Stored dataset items
*-*-*

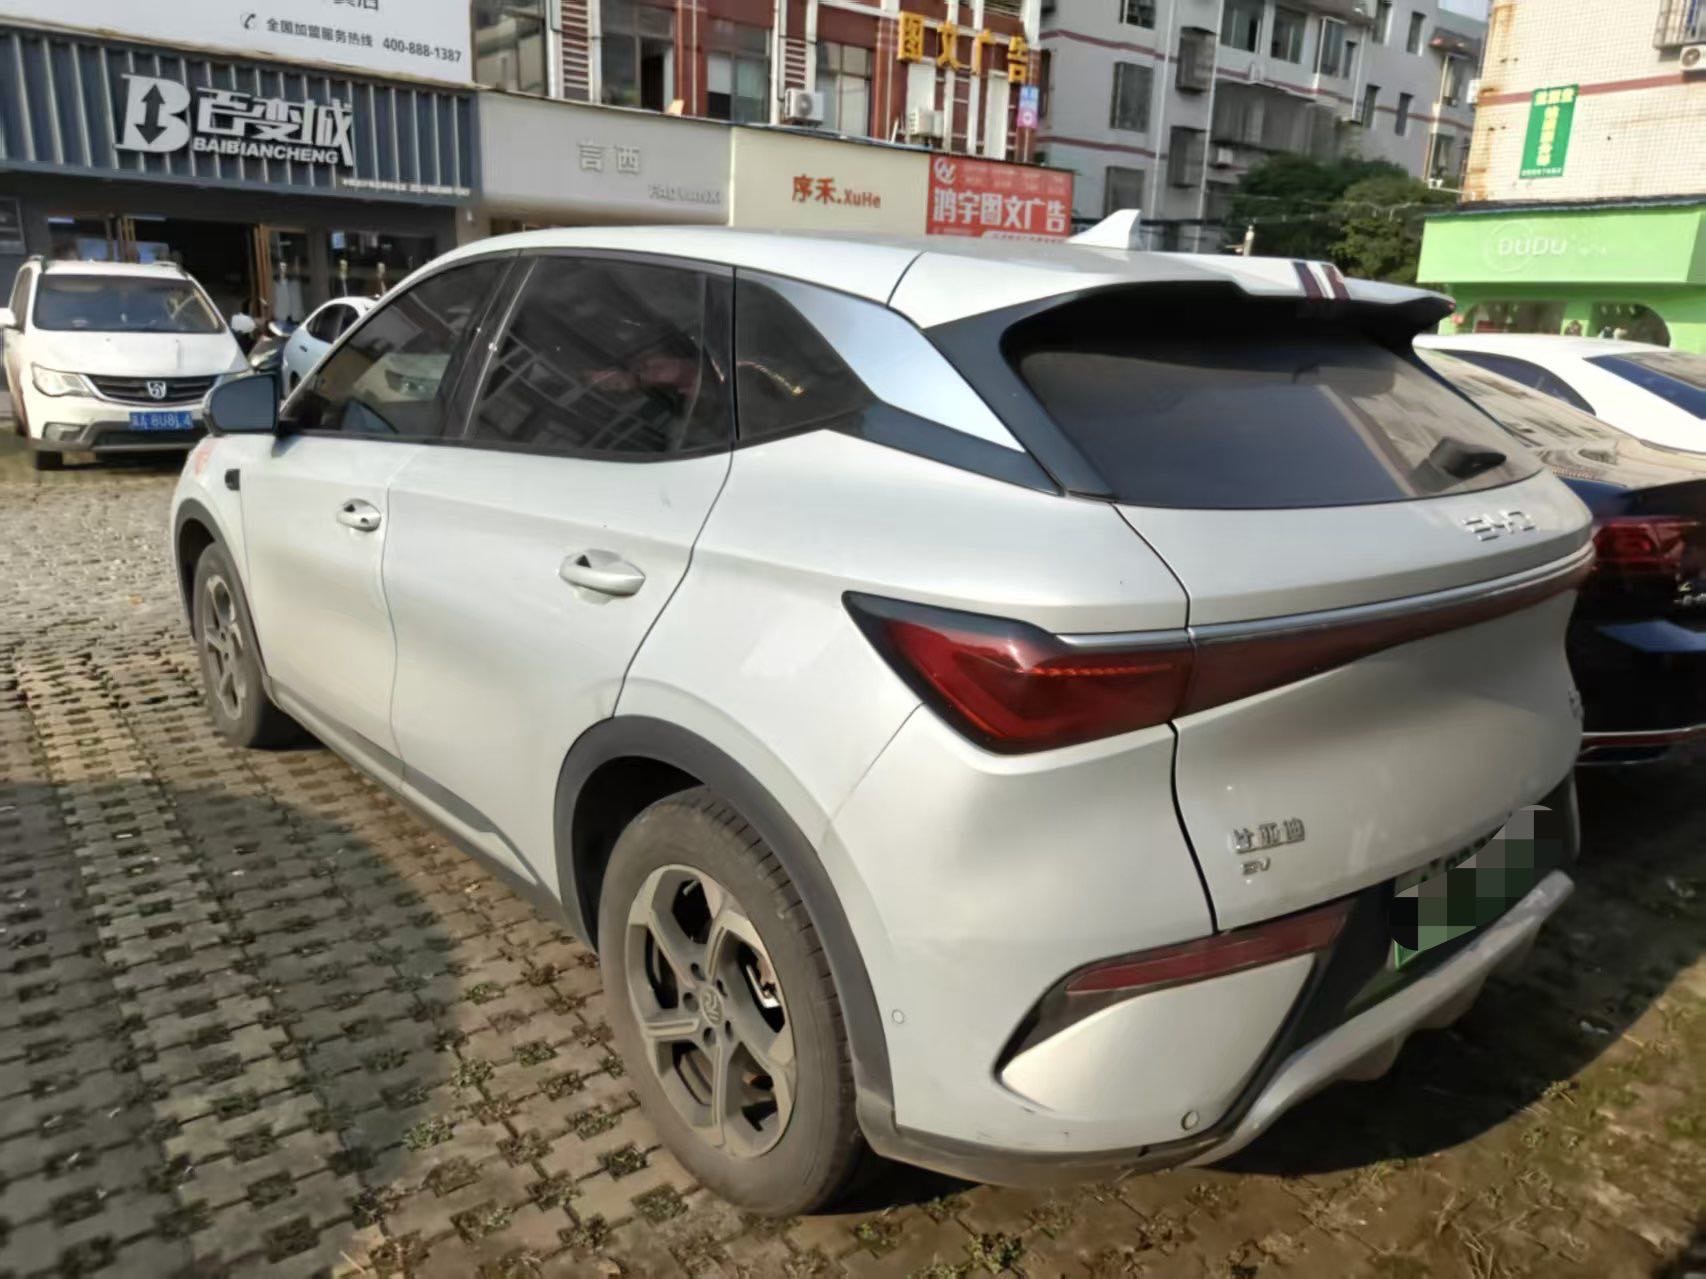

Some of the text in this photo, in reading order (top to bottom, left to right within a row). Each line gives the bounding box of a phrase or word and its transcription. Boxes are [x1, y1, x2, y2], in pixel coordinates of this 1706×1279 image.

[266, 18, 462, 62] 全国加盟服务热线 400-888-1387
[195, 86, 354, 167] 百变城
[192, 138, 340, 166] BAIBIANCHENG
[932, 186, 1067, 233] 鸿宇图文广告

*-*-*

Instructions to follow:
Transcribe all the data word for word; the images stay out.

Output of the exercise:
Some of the text in this photo, in reading order (top to bottom, left to right within a row). Each line gives the bounding box of a phrase or word and its transcription. Boxes are [x1, y1, x2, y2], in pixel coordinates of this 1706×1279 image.

[266, 18, 462, 62] 全国加盟服务热线 400-888-1387
[195, 86, 354, 167] 百变城
[192, 138, 340, 166] BAIBIANCHENG
[932, 186, 1067, 233] 鸿宇图文广告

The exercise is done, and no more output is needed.